- Exercise description: Each record below should be set down exactly.

== Given records

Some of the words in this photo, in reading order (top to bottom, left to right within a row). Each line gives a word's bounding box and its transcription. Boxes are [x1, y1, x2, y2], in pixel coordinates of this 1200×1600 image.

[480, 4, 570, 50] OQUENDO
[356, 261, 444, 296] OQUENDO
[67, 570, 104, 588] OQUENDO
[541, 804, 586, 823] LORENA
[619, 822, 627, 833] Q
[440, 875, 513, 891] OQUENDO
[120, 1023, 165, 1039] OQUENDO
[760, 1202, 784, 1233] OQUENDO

====

- Finished exercise:
Some of the words in this photo, in reading order (top to bottom, left to right within a row). Each line gives a word's bounding box and its transcription. Boxes are [x1, y1, x2, y2], in pixel coordinates of this 1200×1600 image.

[480, 4, 570, 50] OQUENDO
[356, 261, 444, 296] OQUENDO
[67, 570, 104, 588] OQUENDO
[541, 804, 586, 823] LORENA
[619, 822, 627, 833] Q
[440, 875, 513, 891] OQUENDO
[120, 1023, 165, 1039] OQUENDO
[760, 1202, 784, 1233] OQUENDO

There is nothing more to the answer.